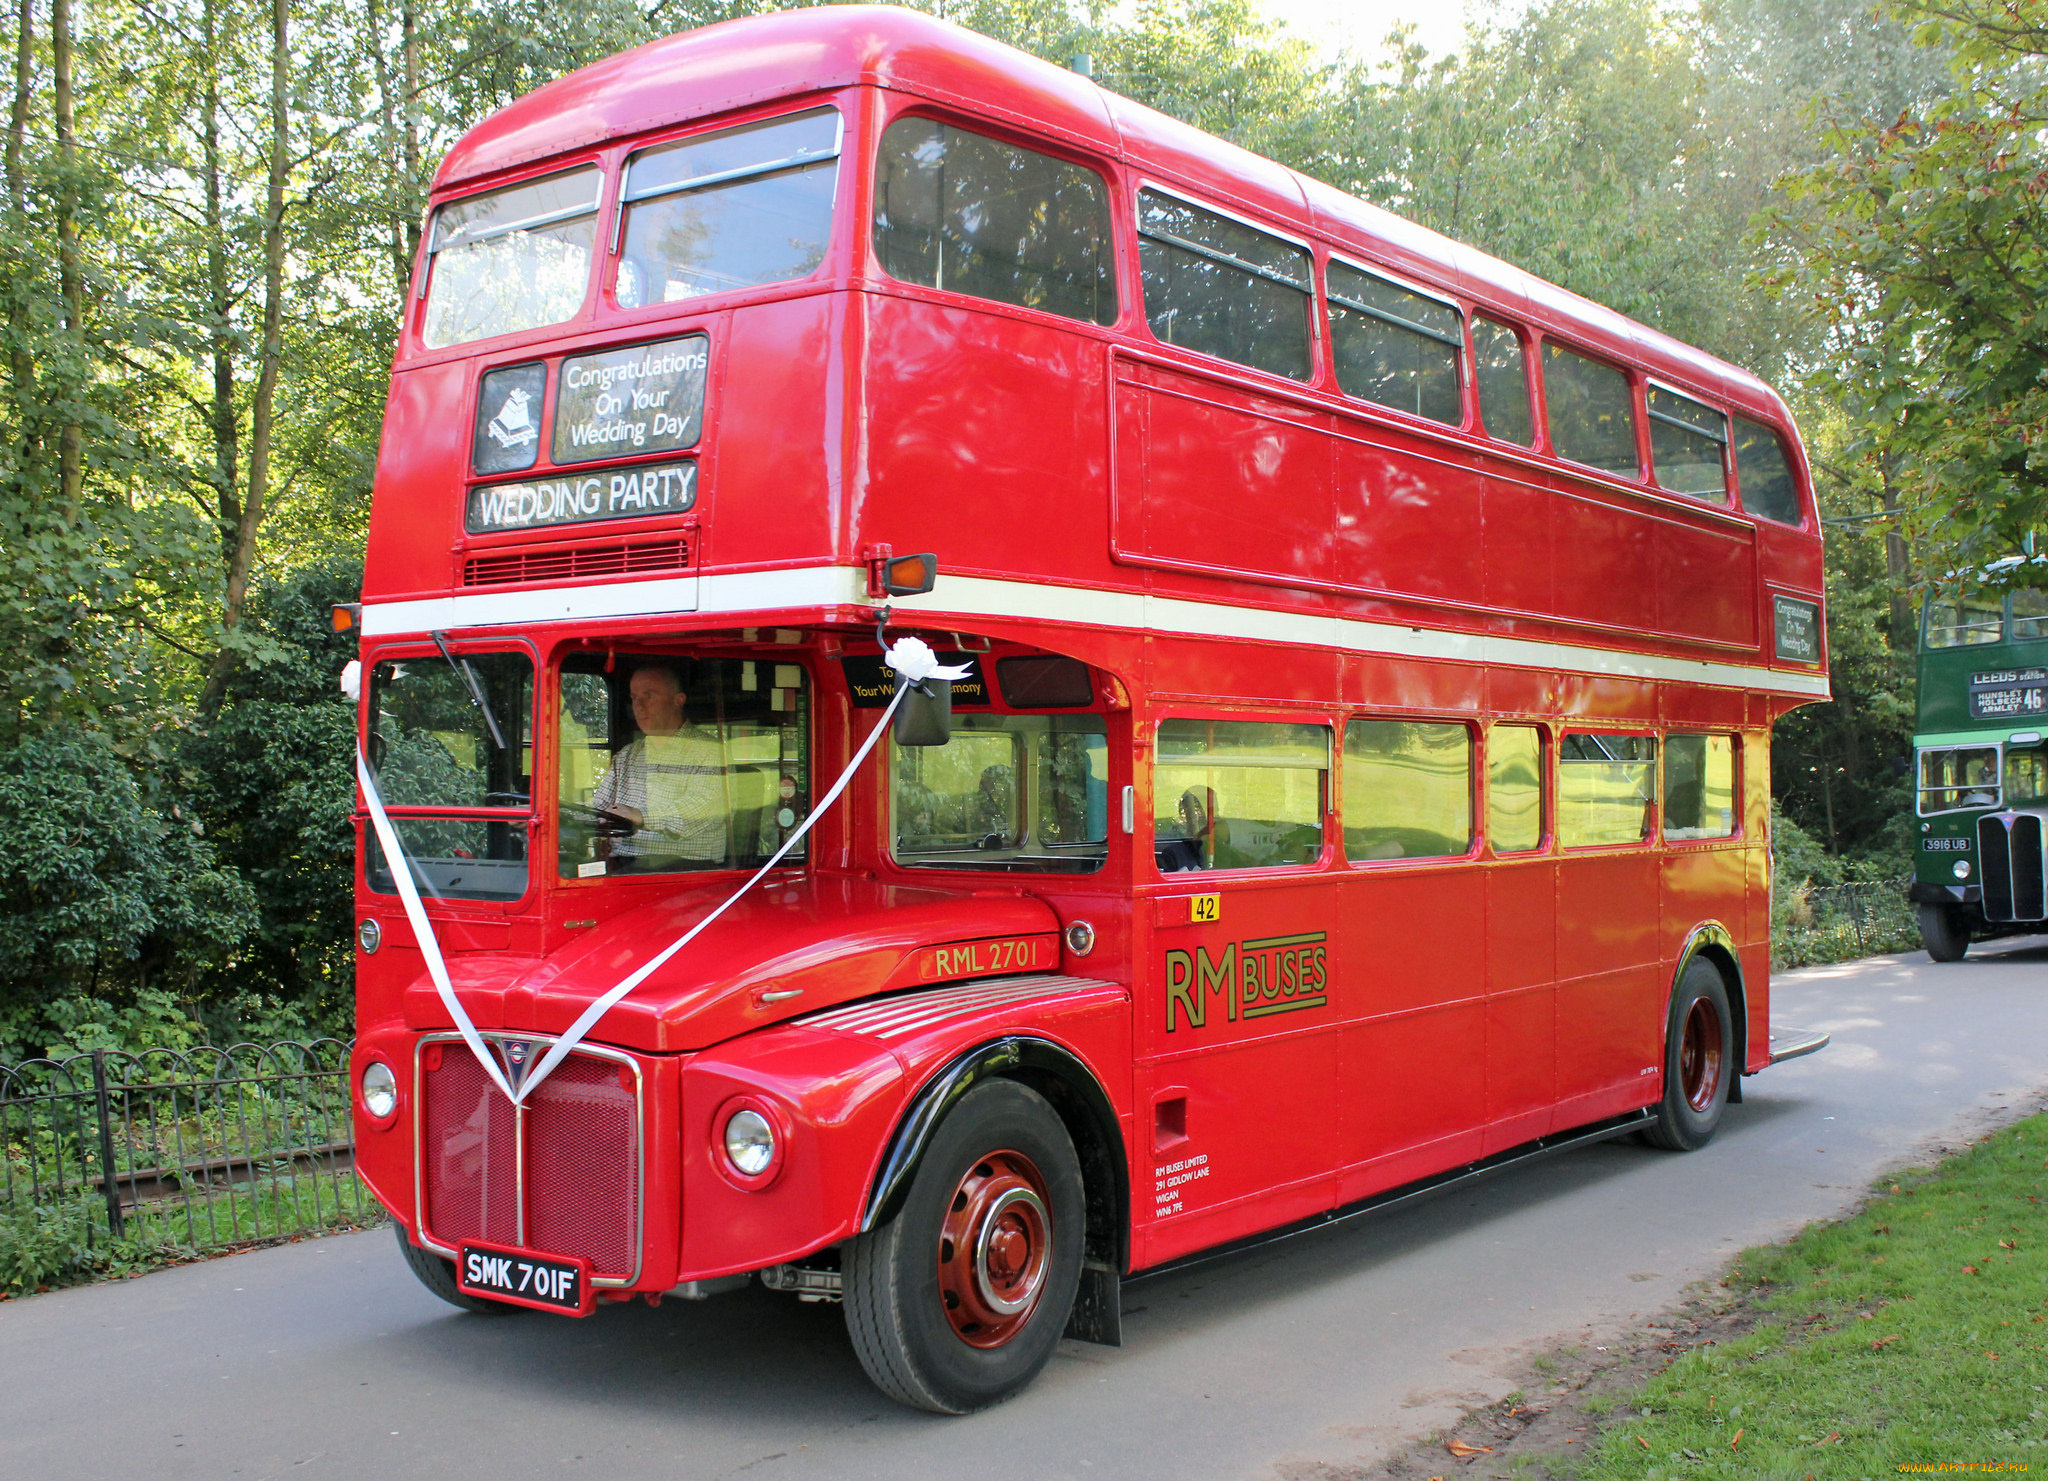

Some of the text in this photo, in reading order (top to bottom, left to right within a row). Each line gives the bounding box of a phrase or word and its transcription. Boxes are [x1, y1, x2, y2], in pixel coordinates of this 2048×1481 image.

[567, 352, 707, 391] Congratulations
[595, 388, 669, 416] On Your
[571, 413, 691, 447] Wedding Day
[480, 466, 697, 526] WEDDING PARTY
[879, 666, 894, 678] To
[1974, 671, 2017, 685] LEEDS
[854, 685, 879, 697] Your
[1978, 689, 2022, 701] HUNSLET
[1978, 696, 2023, 707] HOLBECK
[2023, 688, 2043, 710] 46
[1982, 703, 2020, 714] ARMLEY
[1926, 839, 1967, 850] 3916 UB
[1196, 897, 1215, 920] 42
[936, 941, 1037, 977] RML 2701
[1166, 942, 1328, 1034] RM BUSES
[1155, 1154, 1208, 1177] RM BUSES LIMITED
[1155, 1166, 1210, 1191] 291 GIDLOW LANE
[1155, 1189, 1179, 1204] WIGAN
[1155, 1201, 1183, 1218] WN6 7PE
[467, 1253, 575, 1300] SMK 701F

# # #

» **EXERCISE GOAL**: Leaving every image behind, repeat the data in full and exactly.

» **ANSWER TO THE PROBLEM**:
Some of the text in this photo, in reading order (top to bottom, left to right within a row). Each line gives the bounding box of a phrase or word and its transcription. Boxes are [x1, y1, x2, y2], in pixel coordinates of this 2048×1481 image.

[567, 352, 707, 391] Congratulations
[595, 388, 669, 416] On Your
[571, 413, 691, 447] Wedding Day
[480, 466, 697, 526] WEDDING PARTY
[879, 666, 894, 678] To
[1974, 671, 2017, 685] LEEDS
[854, 685, 879, 697] Your
[1978, 689, 2022, 701] HUNSLET
[1978, 696, 2023, 707] HOLBECK
[2023, 688, 2043, 710] 46
[1982, 703, 2020, 714] ARMLEY
[1926, 839, 1967, 850] 3916 UB
[1196, 897, 1215, 920] 42
[936, 941, 1037, 977] RML 2701
[1166, 942, 1328, 1034] RM BUSES
[1155, 1154, 1208, 1177] RM BUSES LIMITED
[1155, 1166, 1210, 1191] 291 GIDLOW LANE
[1155, 1189, 1179, 1204] WIGAN
[1155, 1201, 1183, 1218] WN6 7PE
[467, 1253, 575, 1300] SMK 701F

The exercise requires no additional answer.